In Hashem’s command to Moshe to avenge the crimes of Midian,
he was informed that his very fulfillment of the mitzvah would lead to
his immediate demise. When the people heard this, they refused to join the war
effort, explains Rashi, for they, in actuality, loved their Rav and leader,
Moshe Rabeinu. Rashi says that the word וימסרו is used (in place of ויבאו, ויקחו
or simply והיו) for it implies that the soldiers were forced to
prepare themselves for war.

In addition, we can suggest that the word "וימסרו" is used
for it alludes to a מסר or message the people wanted to relay to Moshe Rabeinu-that
they loved him and certainly did not want him to die.

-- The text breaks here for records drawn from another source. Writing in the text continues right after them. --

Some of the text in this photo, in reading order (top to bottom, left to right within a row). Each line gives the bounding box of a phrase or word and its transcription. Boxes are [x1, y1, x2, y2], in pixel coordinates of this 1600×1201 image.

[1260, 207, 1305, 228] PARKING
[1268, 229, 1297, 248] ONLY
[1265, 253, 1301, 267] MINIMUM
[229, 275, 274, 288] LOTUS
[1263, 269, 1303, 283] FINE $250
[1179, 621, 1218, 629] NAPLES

Also, we can say that וימסרו denotes מסירות נפש-as it is
translated by Targum Yonason ben Uziel, for the people were ready and
willing to sacrifice their lives, rather than be part of a process that would
lead to the demise of Moshe. (See Ba’al Haturim.)

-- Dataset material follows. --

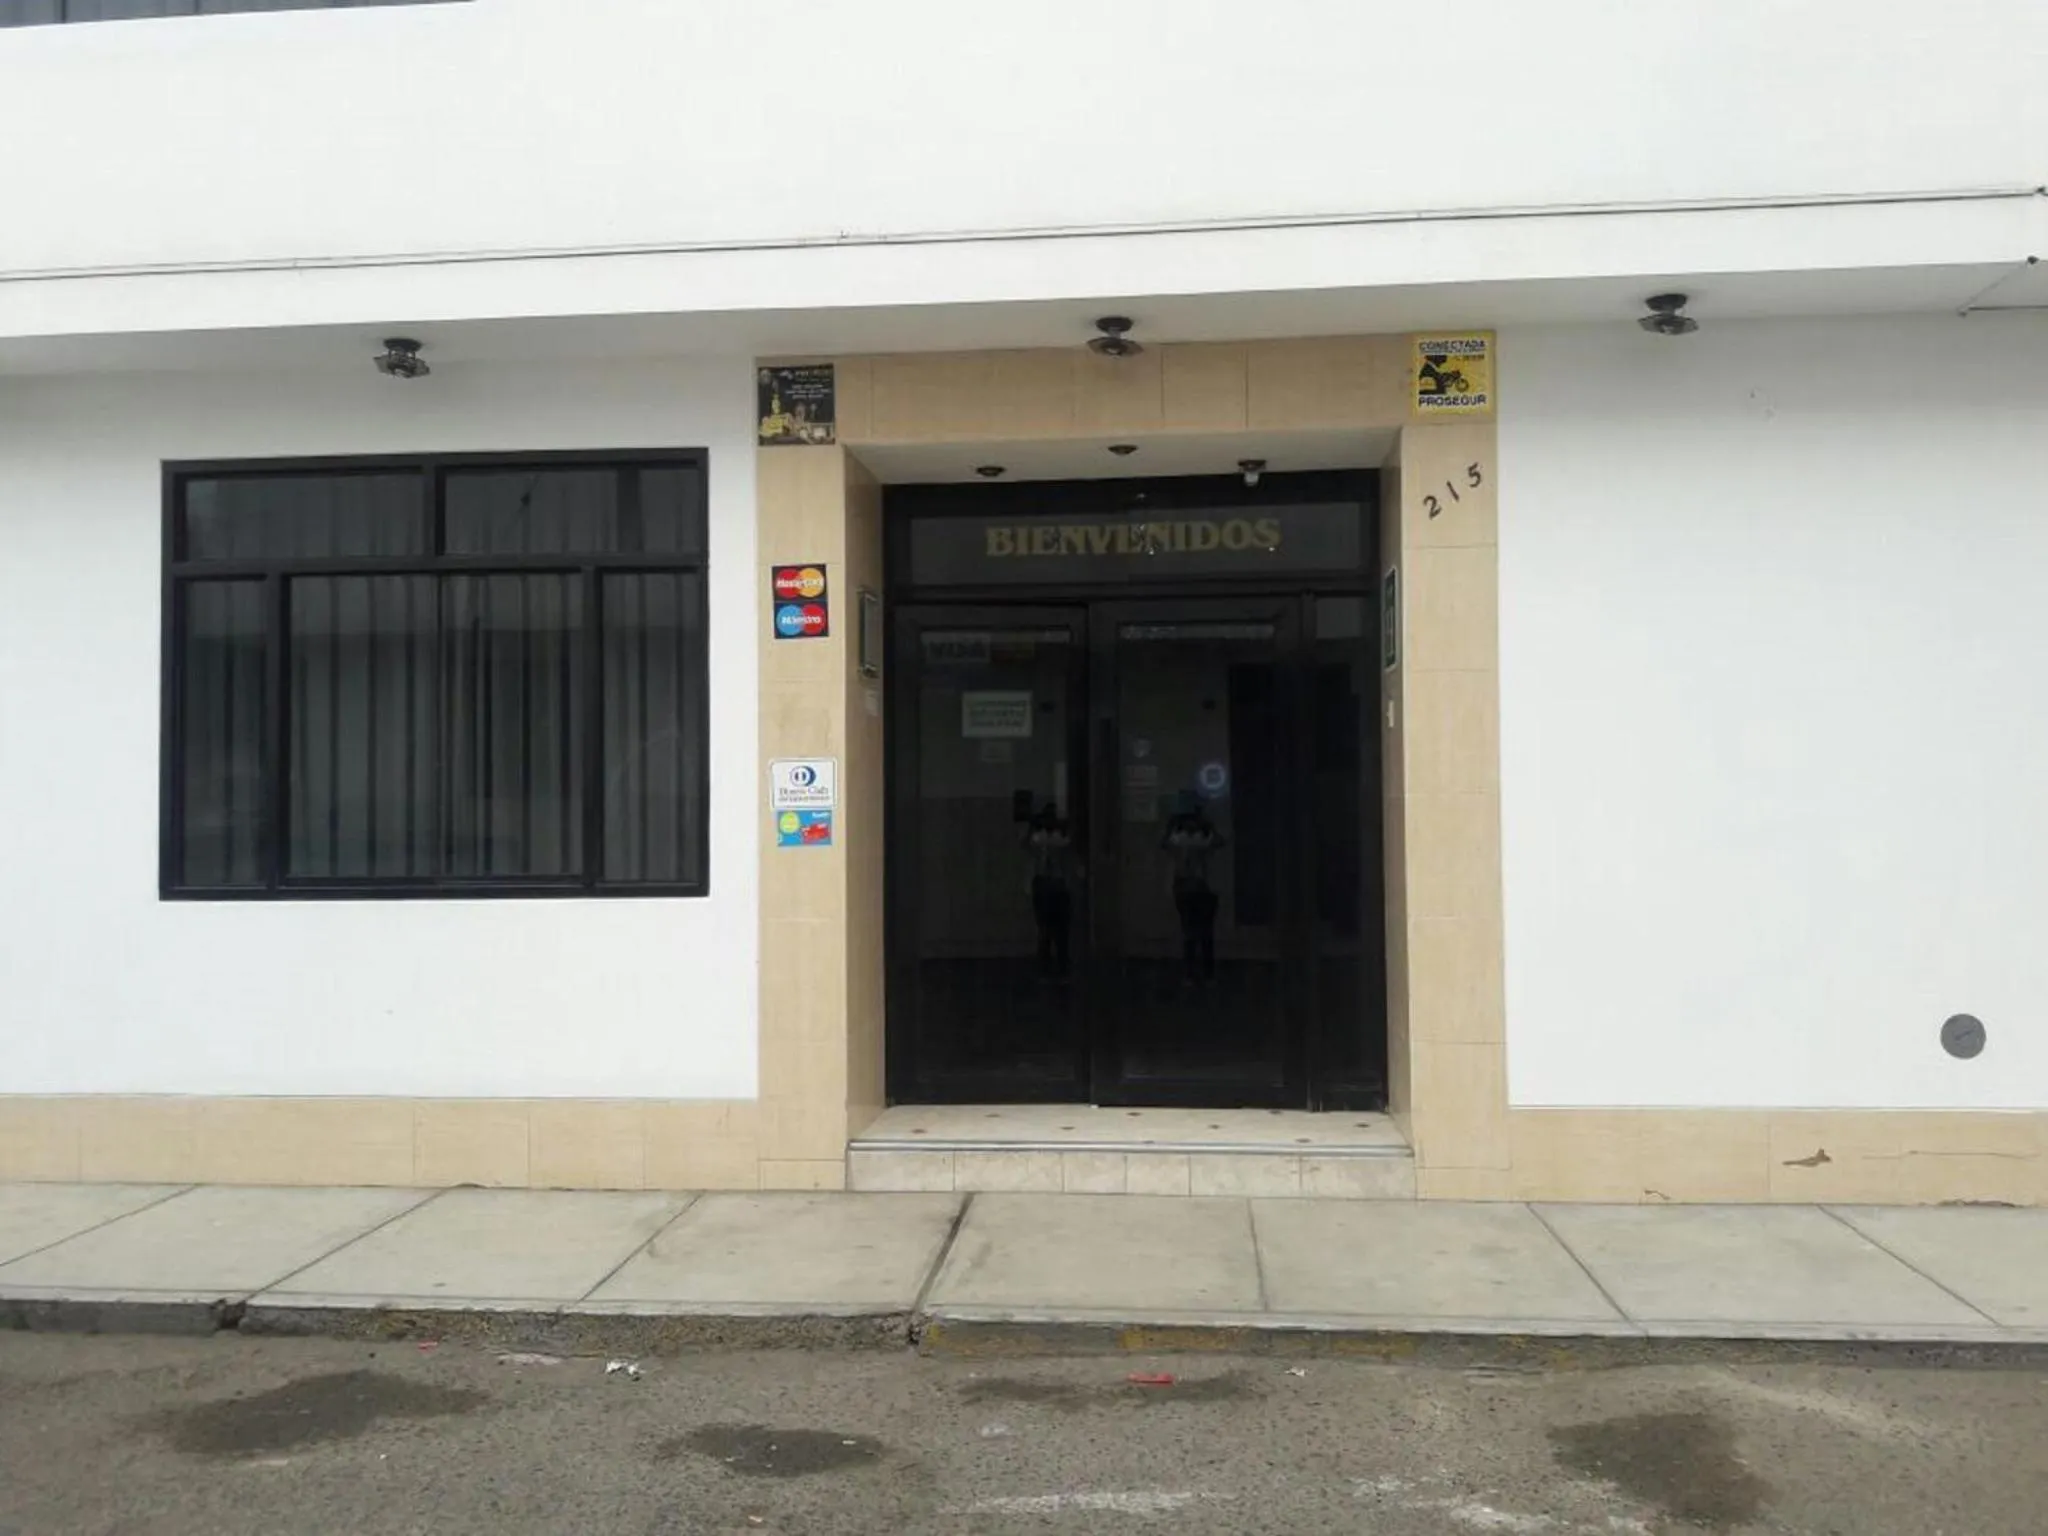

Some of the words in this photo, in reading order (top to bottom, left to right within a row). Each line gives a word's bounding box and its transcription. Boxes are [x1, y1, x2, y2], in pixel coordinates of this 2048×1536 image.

[1419, 340, 1486, 352] CONECTADA
[1418, 394, 1487, 407] PROSEGUR
[1423, 462, 1482, 520] 215
[984, 518, 1282, 556] BIENVENIDOS

The posuk reads "וימסרו מאלפי ישראל…" ("And they were
chosen from the thousands of Israel…") and does not simply say the number of
soldiers, to imply that the love for Moshe Rabeinu was shared by all. (See the
Kli Yakar.)

This initial refusal to fulfill Moshe’s command was itself an
act of great effort, as those chosen to fight against Midian were quick and
decisive by nature, as Onkelos translates חלוצים as מזרזי or quick. They
held back their strong natural desire to quickly fulfill the mitzvah in
order to lengthen the life of their Rav, Moshe Rabeinu.

Actually, it appears that this change in attitude on the part
of Am Yisroel is alluded to in the way Hashem describes Moshe’s impending death
as "…אשר תאסף אל עמך" ("…afterward you will be gathered to your people")
instead of "אחר תמות" ("afterwards you will die"). This teaches us that the
nearing of Moshe’s death through the war with the Midianites would "gather in"
or strengthen Moshe’s relationship with his people.

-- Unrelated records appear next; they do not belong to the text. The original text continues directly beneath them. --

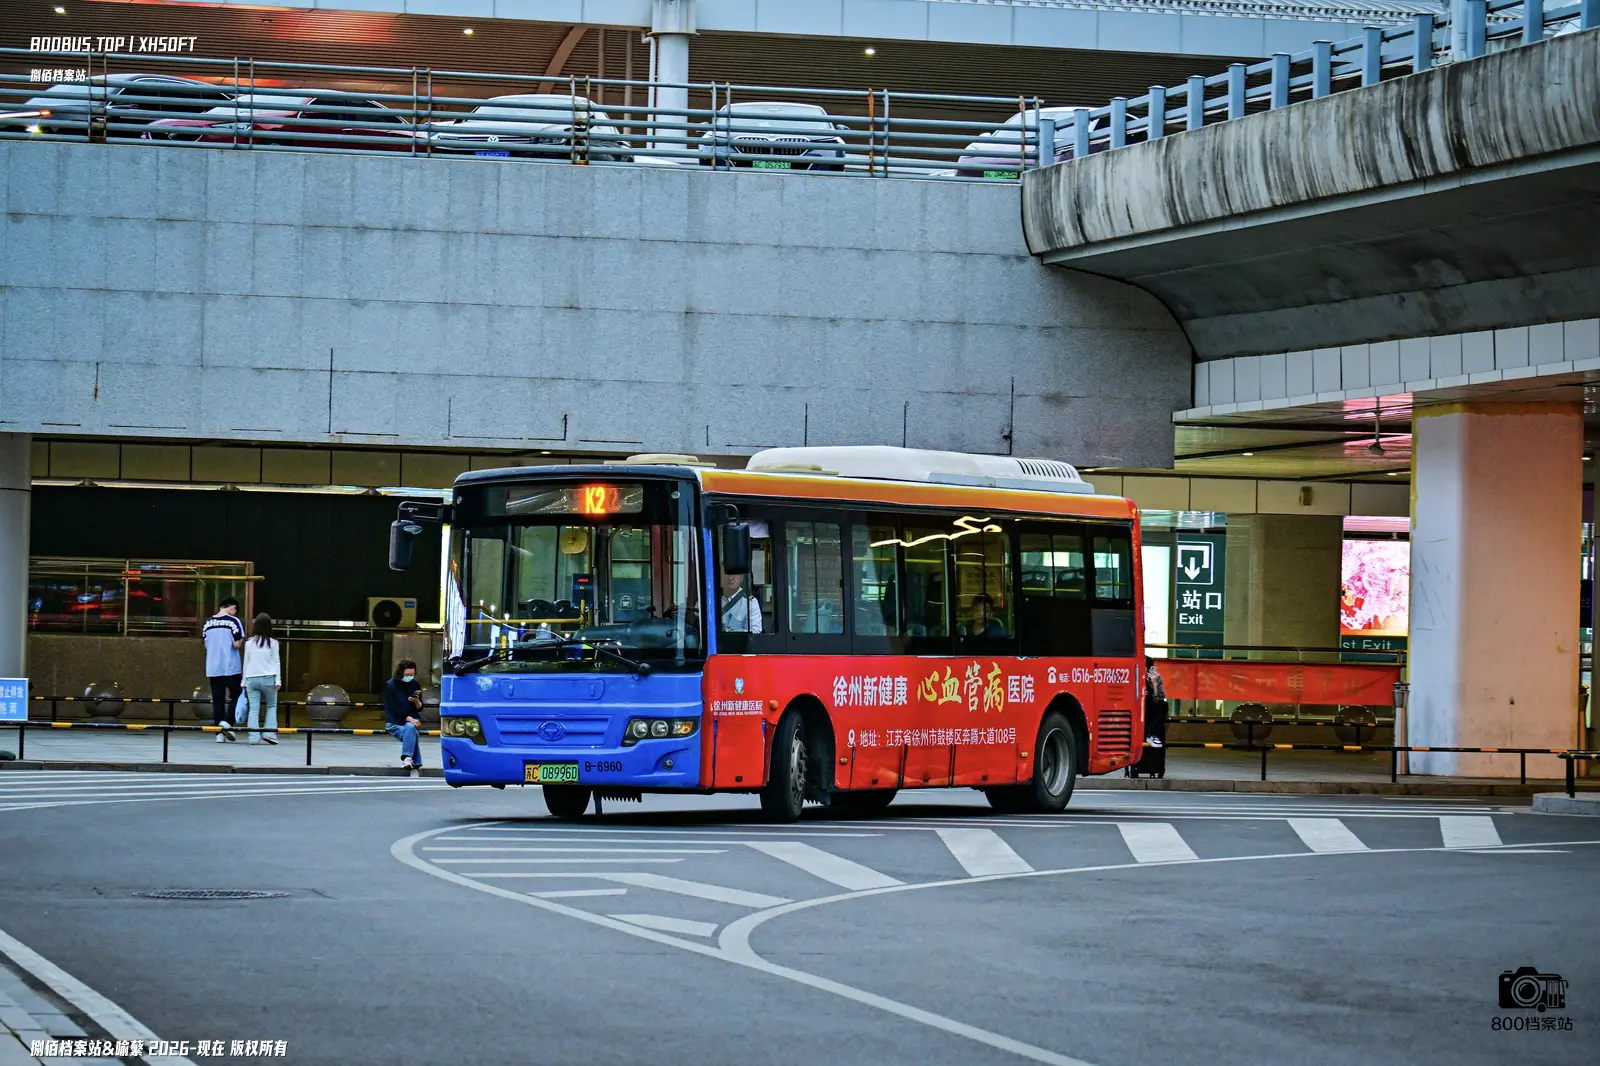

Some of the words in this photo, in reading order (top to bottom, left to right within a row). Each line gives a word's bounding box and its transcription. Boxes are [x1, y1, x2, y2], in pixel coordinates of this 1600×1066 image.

[585, 486, 606, 515] K2
[1176, 590, 1222, 610] 站口
[1179, 613, 1204, 625] Exit
[833, 675, 908, 707] 徐州新健康
[916, 660, 1005, 713] 心血管病
[1007, 674, 1035, 703] 医院
[713, 700, 764, 711] 徐州新健康医院
[584, 761, 623, 772] B-6960

One Rosh Yeshiva told me the following incident which shows
that this relationship between Rebbe and student still exists today.

During the year, a number of students had the habit of
complaining about the food and other things in the yeshiva. sometimes, the
complaining and the light talk that accompanied it got out of hand and other
students would join the choir of chronic complainers. At times, the complaining
caused great friction between the staff and the students.

At one point, the Rosh Yeshiva had to travel to another
country to raise funds for the yeshiva. While he was gone, he worried about
friction between the staff and students, being unable to do anything about it.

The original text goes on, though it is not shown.